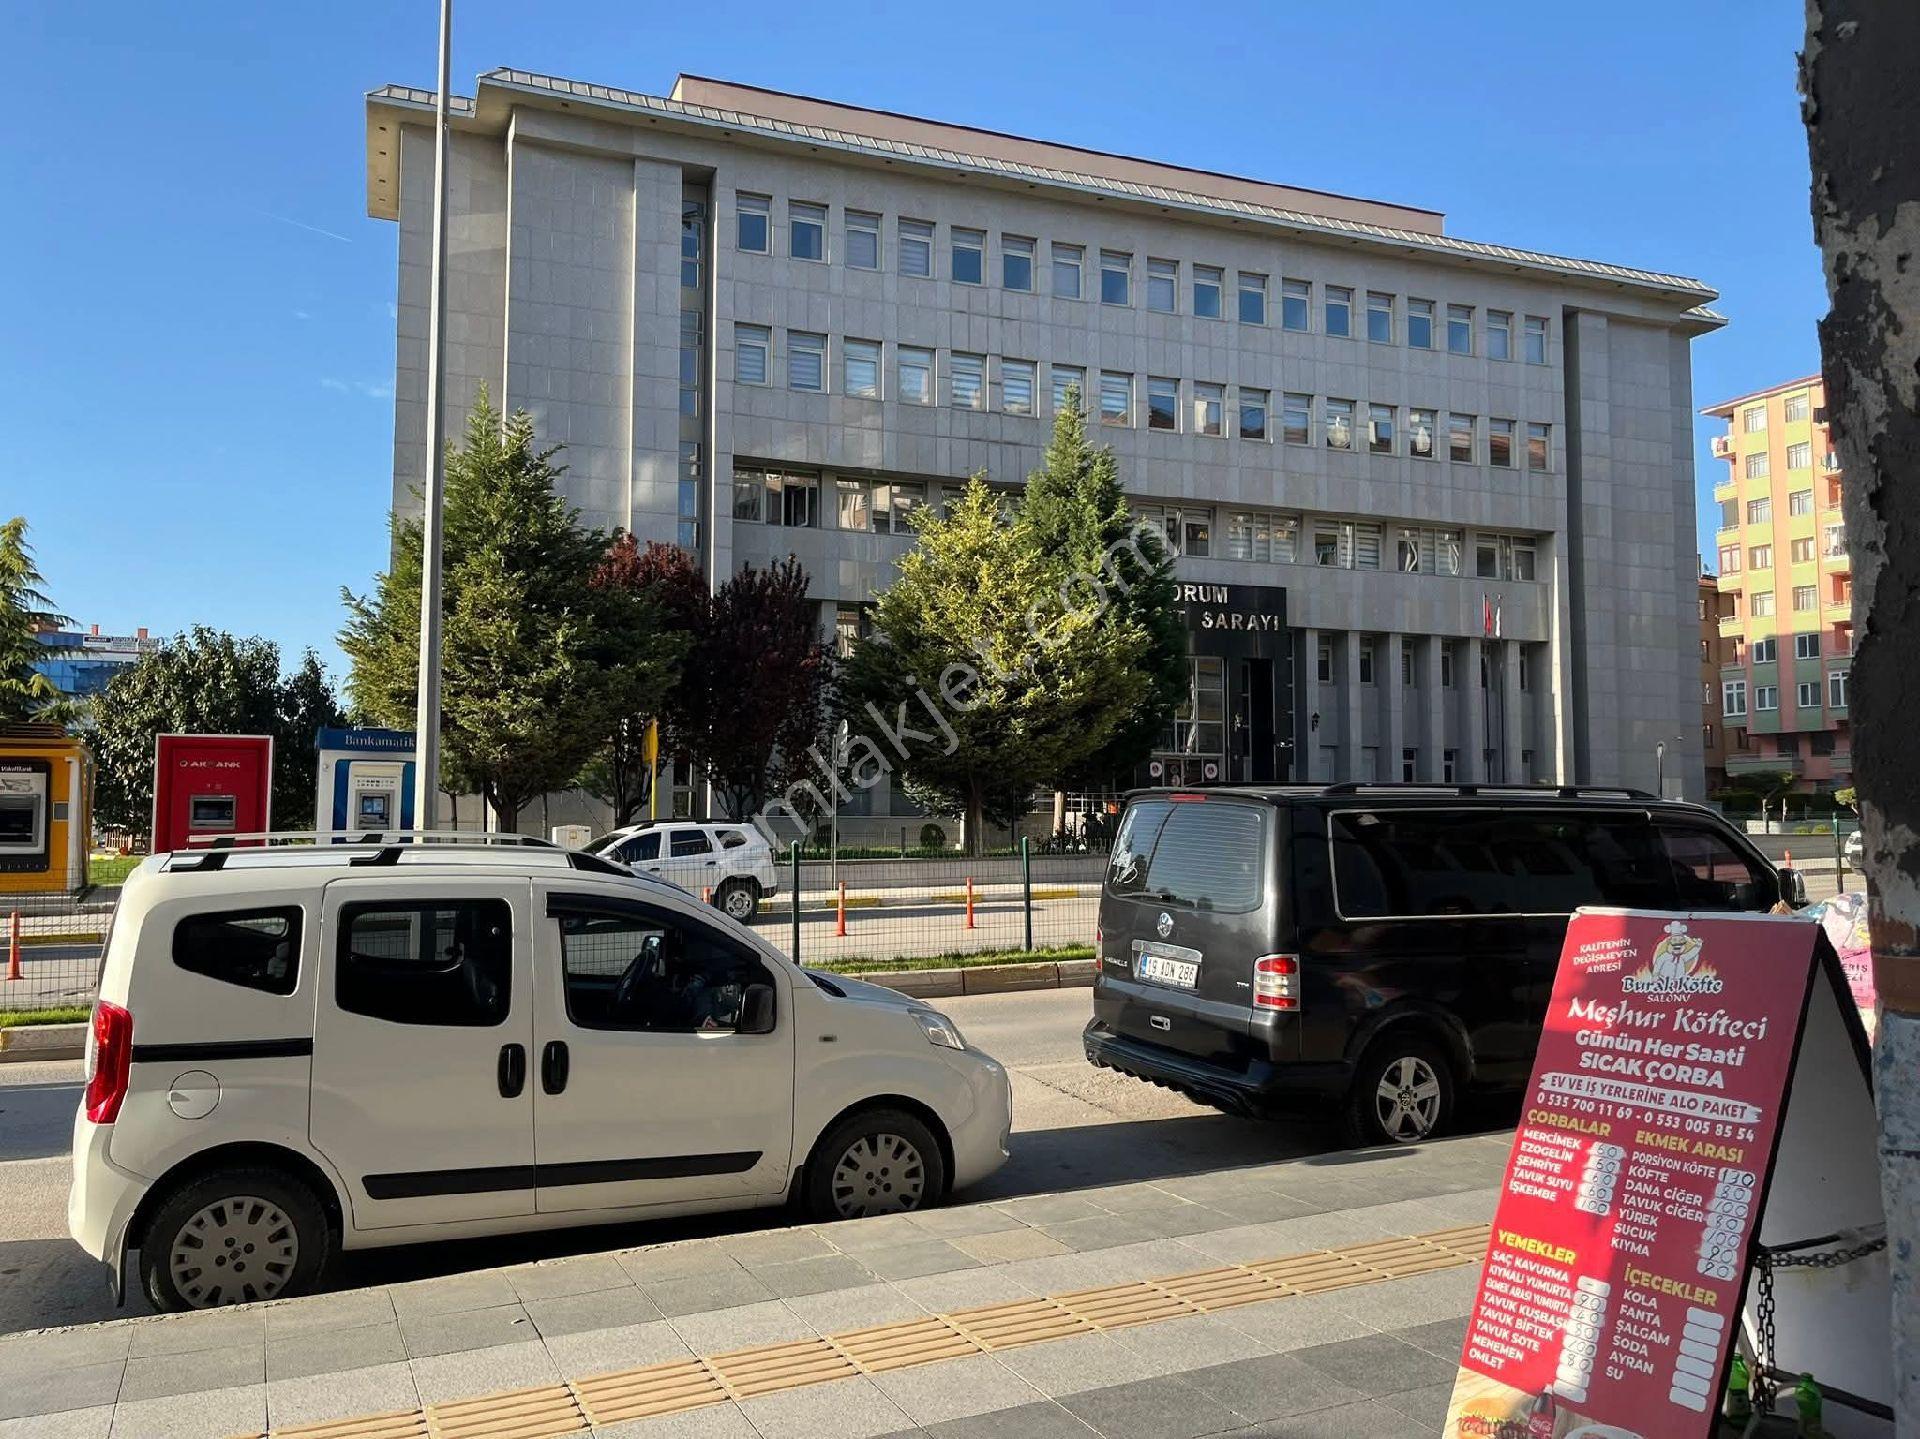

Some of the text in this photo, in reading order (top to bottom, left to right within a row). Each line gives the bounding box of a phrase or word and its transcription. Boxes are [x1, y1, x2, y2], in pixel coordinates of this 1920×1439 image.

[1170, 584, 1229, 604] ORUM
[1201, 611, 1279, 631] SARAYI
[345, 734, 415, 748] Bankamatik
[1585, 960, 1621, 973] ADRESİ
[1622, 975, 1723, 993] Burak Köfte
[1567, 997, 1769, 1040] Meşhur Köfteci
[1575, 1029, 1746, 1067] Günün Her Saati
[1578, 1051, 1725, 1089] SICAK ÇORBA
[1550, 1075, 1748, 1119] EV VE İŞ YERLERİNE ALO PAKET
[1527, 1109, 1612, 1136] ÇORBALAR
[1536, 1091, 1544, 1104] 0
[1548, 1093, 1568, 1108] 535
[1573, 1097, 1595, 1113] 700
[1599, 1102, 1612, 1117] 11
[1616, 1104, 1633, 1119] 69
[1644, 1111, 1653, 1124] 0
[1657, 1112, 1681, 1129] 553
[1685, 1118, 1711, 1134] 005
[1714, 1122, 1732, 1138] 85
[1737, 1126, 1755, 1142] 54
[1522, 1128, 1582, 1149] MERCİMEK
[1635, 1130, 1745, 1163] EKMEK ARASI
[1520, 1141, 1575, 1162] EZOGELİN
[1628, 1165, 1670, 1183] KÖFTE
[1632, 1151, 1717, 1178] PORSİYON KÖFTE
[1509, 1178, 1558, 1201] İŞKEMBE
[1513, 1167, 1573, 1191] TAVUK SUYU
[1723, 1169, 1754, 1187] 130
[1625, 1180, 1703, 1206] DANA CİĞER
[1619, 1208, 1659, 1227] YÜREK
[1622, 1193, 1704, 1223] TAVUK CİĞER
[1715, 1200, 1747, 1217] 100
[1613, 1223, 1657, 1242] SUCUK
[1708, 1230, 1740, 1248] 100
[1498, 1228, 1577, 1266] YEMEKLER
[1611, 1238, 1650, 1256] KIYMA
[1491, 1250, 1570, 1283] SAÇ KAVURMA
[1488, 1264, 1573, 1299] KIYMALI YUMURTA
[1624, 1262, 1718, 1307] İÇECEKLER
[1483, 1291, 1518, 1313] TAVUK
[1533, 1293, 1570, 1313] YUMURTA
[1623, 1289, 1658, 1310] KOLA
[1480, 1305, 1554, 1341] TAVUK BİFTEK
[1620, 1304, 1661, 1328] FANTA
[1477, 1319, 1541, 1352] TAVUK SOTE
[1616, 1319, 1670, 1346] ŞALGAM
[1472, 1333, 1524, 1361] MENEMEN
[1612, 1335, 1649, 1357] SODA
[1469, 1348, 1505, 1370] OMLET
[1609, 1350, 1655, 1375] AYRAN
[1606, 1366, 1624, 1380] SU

> **Work request**
Transcribe the data exactly, minus any images.

> **Reply**
Some of the text in this photo, in reading order (top to bottom, left to right within a row). Each line gives the bounding box of a phrase or word and its transcription. Boxes are [x1, y1, x2, y2], in pixel coordinates of this 1920×1439 image.

[1170, 584, 1229, 604] ORUM
[1201, 611, 1279, 631] SARAYI
[345, 734, 415, 748] Bankamatik
[1585, 960, 1621, 973] ADRESİ
[1622, 975, 1723, 993] Burak Köfte
[1567, 997, 1769, 1040] Meşhur Köfteci
[1575, 1029, 1746, 1067] Günün Her Saati
[1578, 1051, 1725, 1089] SICAK ÇORBA
[1550, 1075, 1748, 1119] EV VE İŞ YERLERİNE ALO PAKET
[1527, 1109, 1612, 1136] ÇORBALAR
[1536, 1091, 1544, 1104] 0
[1548, 1093, 1568, 1108] 535
[1573, 1097, 1595, 1113] 700
[1599, 1102, 1612, 1117] 11
[1616, 1104, 1633, 1119] 69
[1644, 1111, 1653, 1124] 0
[1657, 1112, 1681, 1129] 553
[1685, 1118, 1711, 1134] 005
[1714, 1122, 1732, 1138] 85
[1737, 1126, 1755, 1142] 54
[1522, 1128, 1582, 1149] MERCİMEK
[1635, 1130, 1745, 1163] EKMEK ARASI
[1520, 1141, 1575, 1162] EZOGELİN
[1628, 1165, 1670, 1183] KÖFTE
[1632, 1151, 1717, 1178] PORSİYON KÖFTE
[1509, 1178, 1558, 1201] İŞKEMBE
[1513, 1167, 1573, 1191] TAVUK SUYU
[1723, 1169, 1754, 1187] 130
[1625, 1180, 1703, 1206] DANA CİĞER
[1619, 1208, 1659, 1227] YÜREK
[1622, 1193, 1704, 1223] TAVUK CİĞER
[1715, 1200, 1747, 1217] 100
[1613, 1223, 1657, 1242] SUCUK
[1708, 1230, 1740, 1248] 100
[1498, 1228, 1577, 1266] YEMEKLER
[1611, 1238, 1650, 1256] KIYMA
[1491, 1250, 1570, 1283] SAÇ KAVURMA
[1488, 1264, 1573, 1299] KIYMALI YUMURTA
[1624, 1262, 1718, 1307] İÇECEKLER
[1483, 1291, 1518, 1313] TAVUK
[1533, 1293, 1570, 1313] YUMURTA
[1623, 1289, 1658, 1310] KOLA
[1480, 1305, 1554, 1341] TAVUK BİFTEK
[1620, 1304, 1661, 1328] FANTA
[1477, 1319, 1541, 1352] TAVUK SOTE
[1616, 1319, 1670, 1346] ŞALGAM
[1472, 1333, 1524, 1361] MENEMEN
[1612, 1335, 1649, 1357] SODA
[1469, 1348, 1505, 1370] OMLET
[1609, 1350, 1655, 1375] AYRAN
[1606, 1366, 1624, 1380] SU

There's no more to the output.